== Exercise input
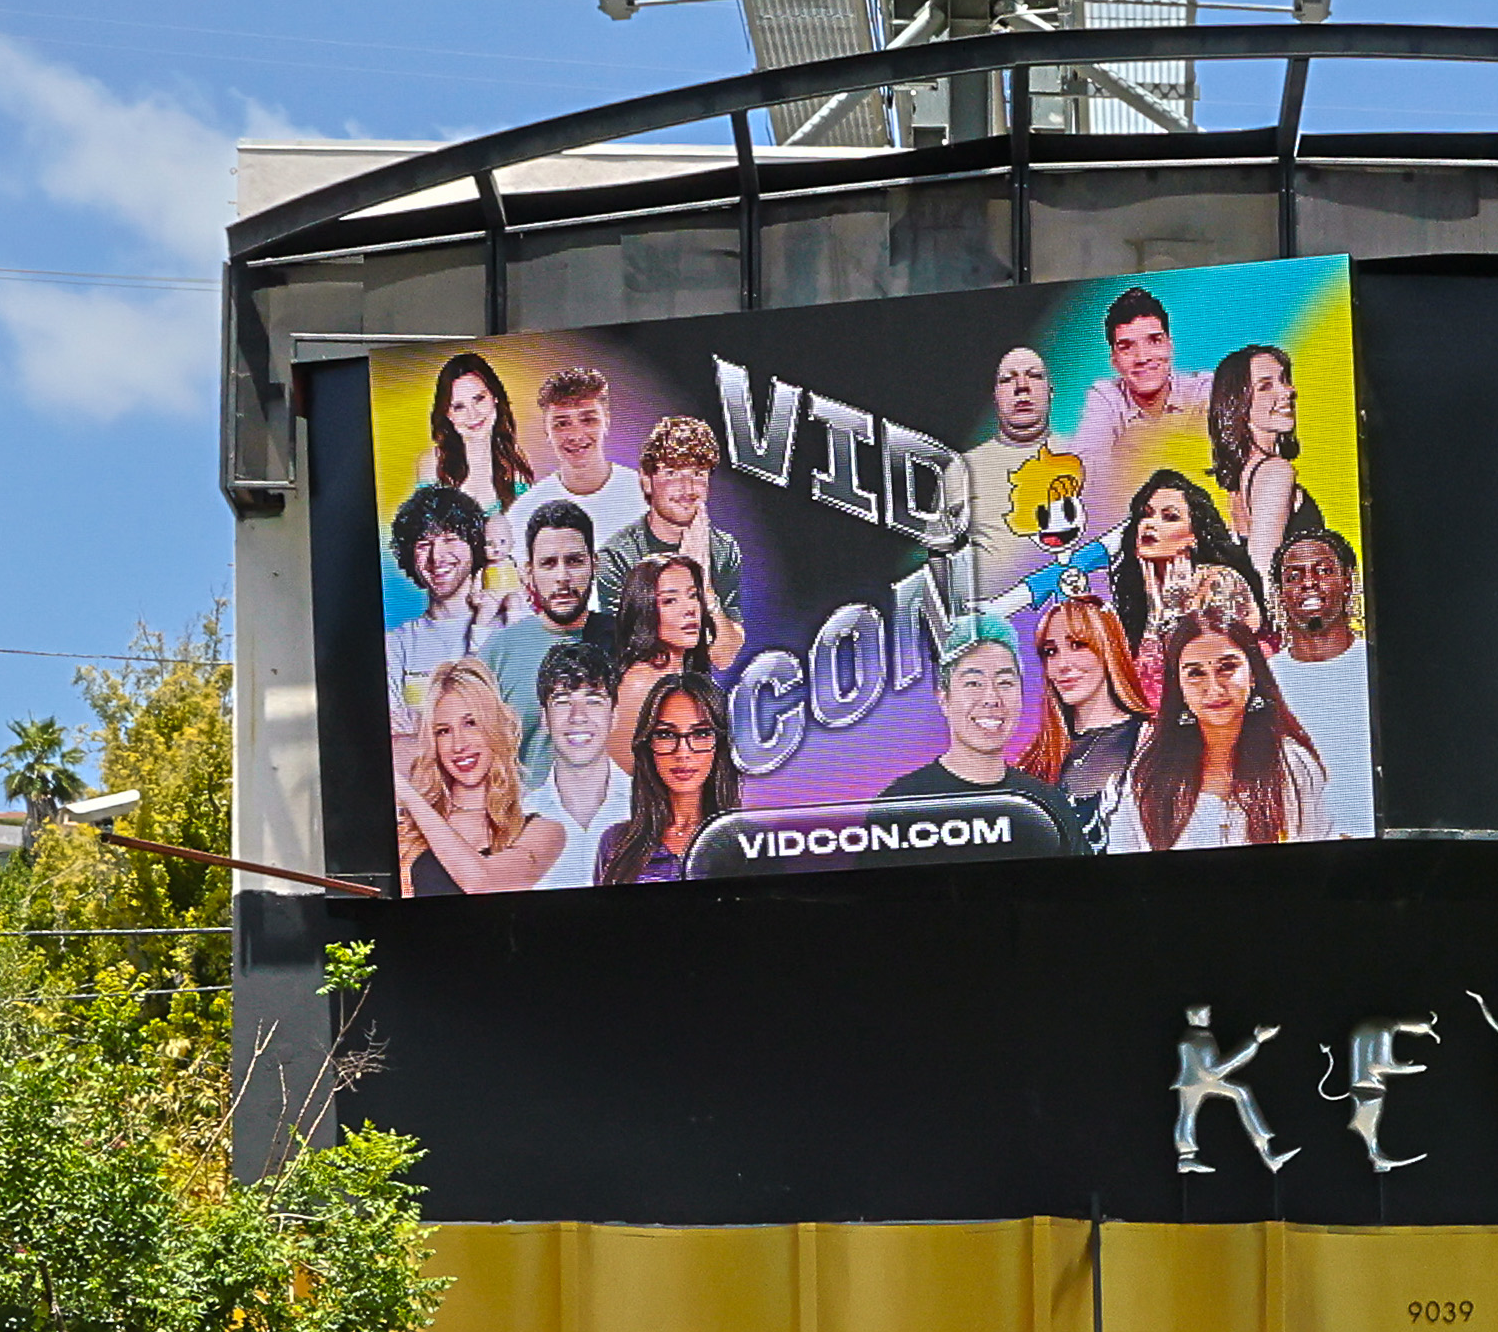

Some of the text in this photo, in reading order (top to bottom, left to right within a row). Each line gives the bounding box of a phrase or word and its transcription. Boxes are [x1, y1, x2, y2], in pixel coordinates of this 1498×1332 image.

[711, 352, 970, 551] VID
[728, 549, 978, 775] CON
[737, 816, 1012, 859] VIDCON.COM
[1408, 1300, 1474, 1324] 9039
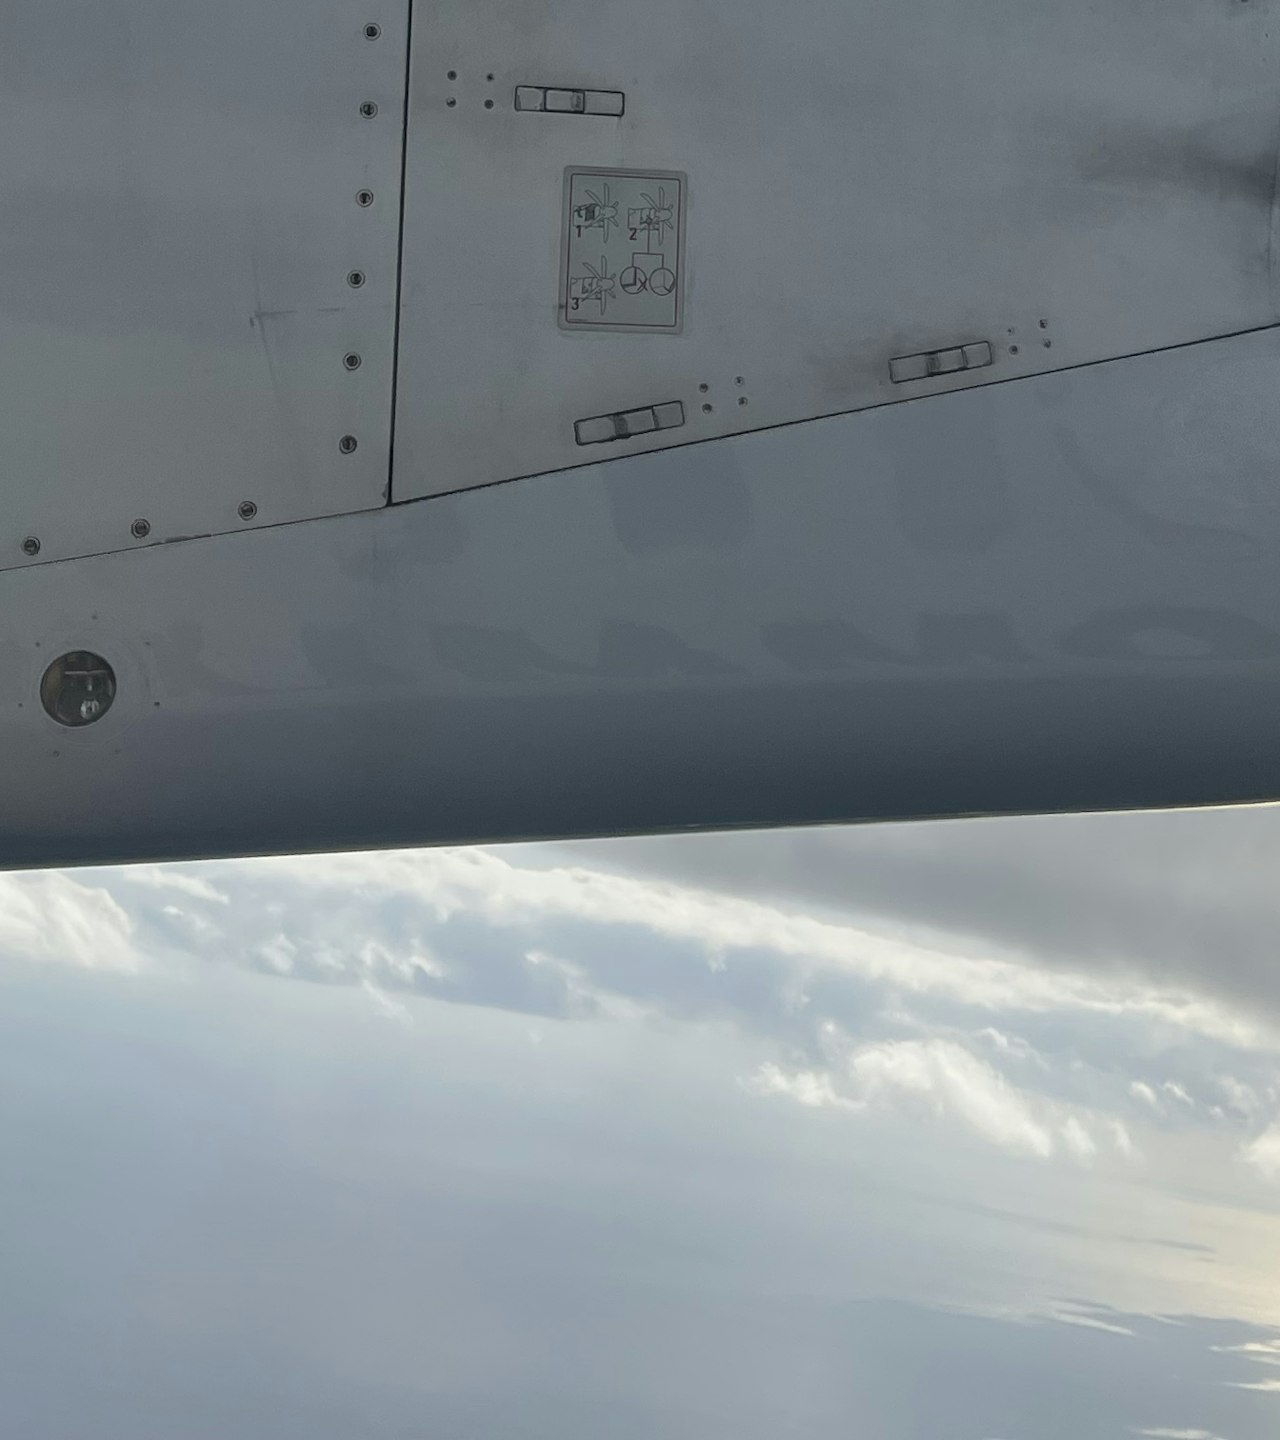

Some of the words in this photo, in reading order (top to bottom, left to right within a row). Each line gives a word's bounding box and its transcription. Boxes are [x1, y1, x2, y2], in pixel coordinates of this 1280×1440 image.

[576, 225, 582, 238] 1
[629, 228, 637, 241] 2
[571, 297, 580, 311] 3
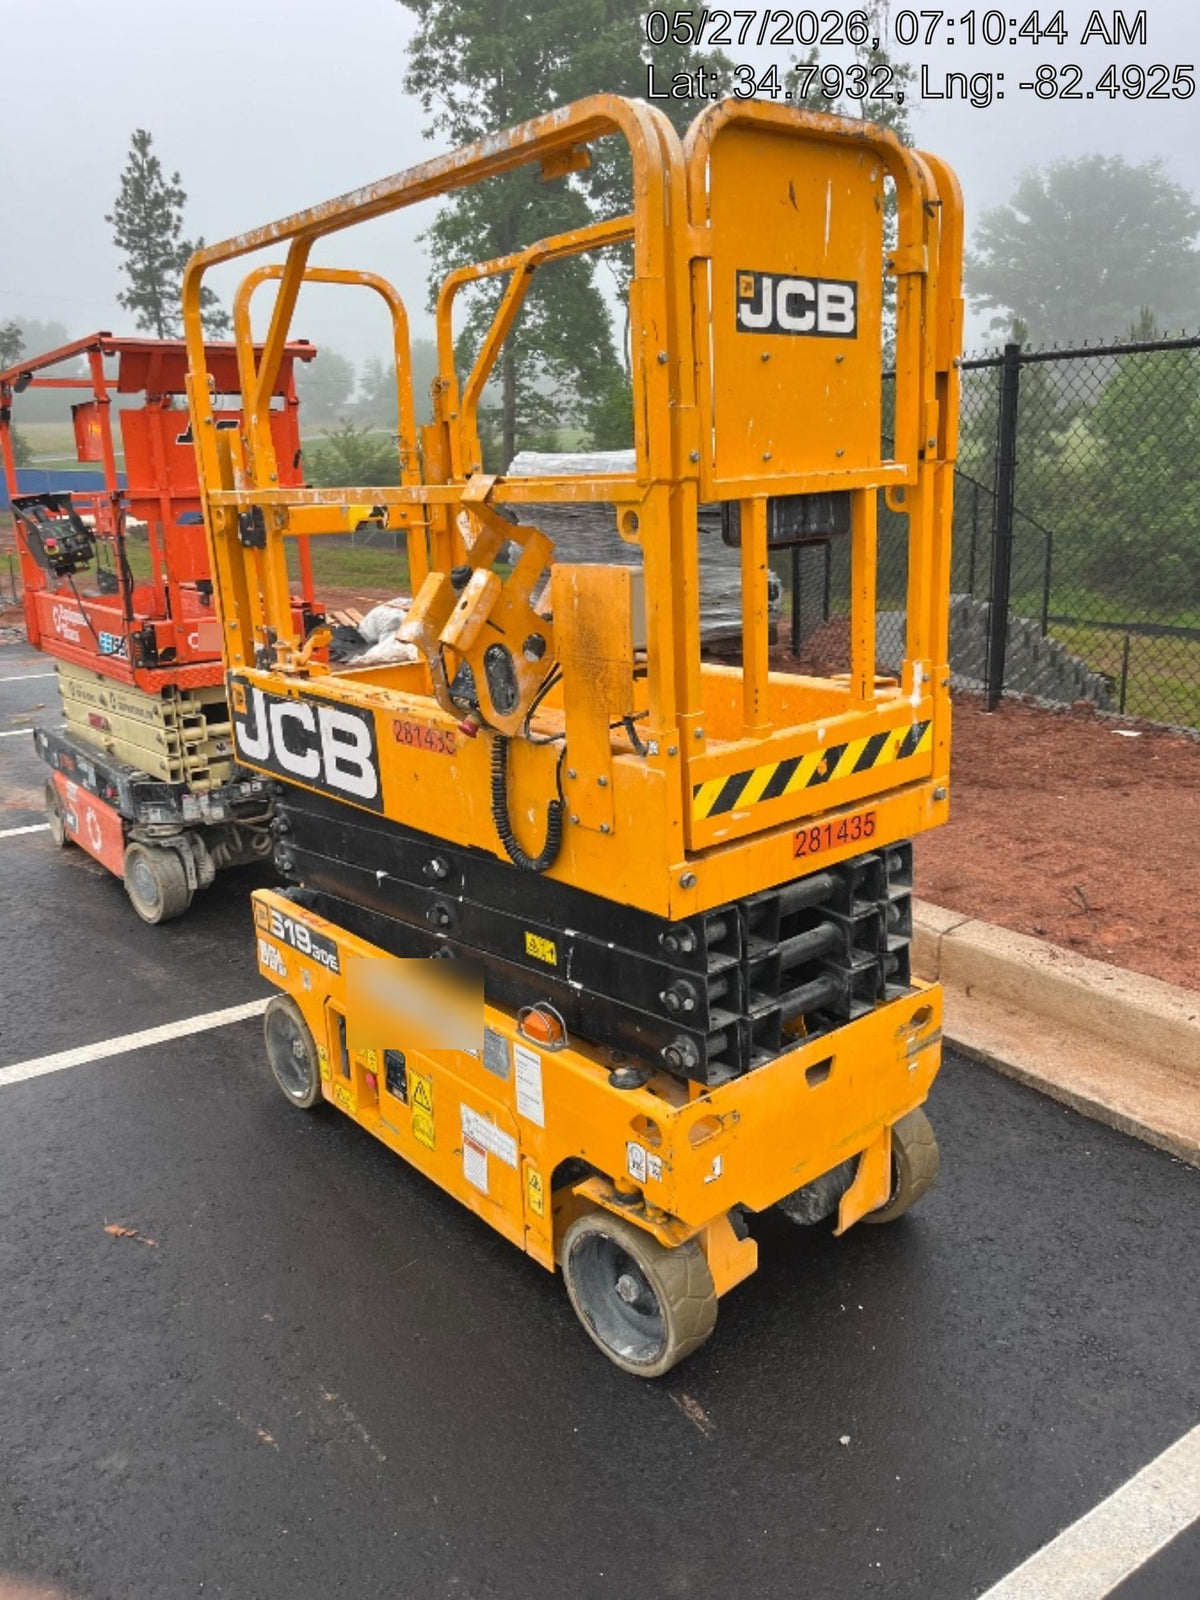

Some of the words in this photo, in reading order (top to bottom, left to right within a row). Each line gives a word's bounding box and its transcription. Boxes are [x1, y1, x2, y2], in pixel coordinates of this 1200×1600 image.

[740, 277, 855, 333] JCB
[235, 687, 378, 799] JCB
[795, 811, 876, 857] 281435
====
- **Exercise objective**: Repeat the entries faithfully. Any picture gets left out.

- **Problem solution**:
Some of the text in this photo, in reading order (top to bottom, left to right within a row). Each line gives the bounding box of a phrase or word and its transcription. Boxes are [x1, y1, x2, y2], in pixel coordinates of this 1498×1332 image.

[711, 352, 970, 551] VID
[728, 549, 978, 775] CON
[737, 816, 1012, 859] VIDCON.COM
[1408, 1300, 1474, 1324] 9039

Some of the words in this photo, in reading order (top to bottom, left to right within a row). Each line gives a word's bounding box and its transcription. Boxes are [x1, y1, x2, y2], in pixel coordinates of this 1280×1440 image.

[576, 225, 582, 238] 1
[629, 228, 637, 241] 2
[571, 297, 580, 311] 3

Some of the words in this photo, in reading order (top to bottom, left to right within a row). Each line gives a word's bounding box and its transcription. Boxes are [x1, y1, x2, y2], in pixel coordinates of this 1200×1600 image.

[740, 277, 855, 333] JCB
[235, 687, 378, 799] JCB
[795, 811, 876, 857] 281435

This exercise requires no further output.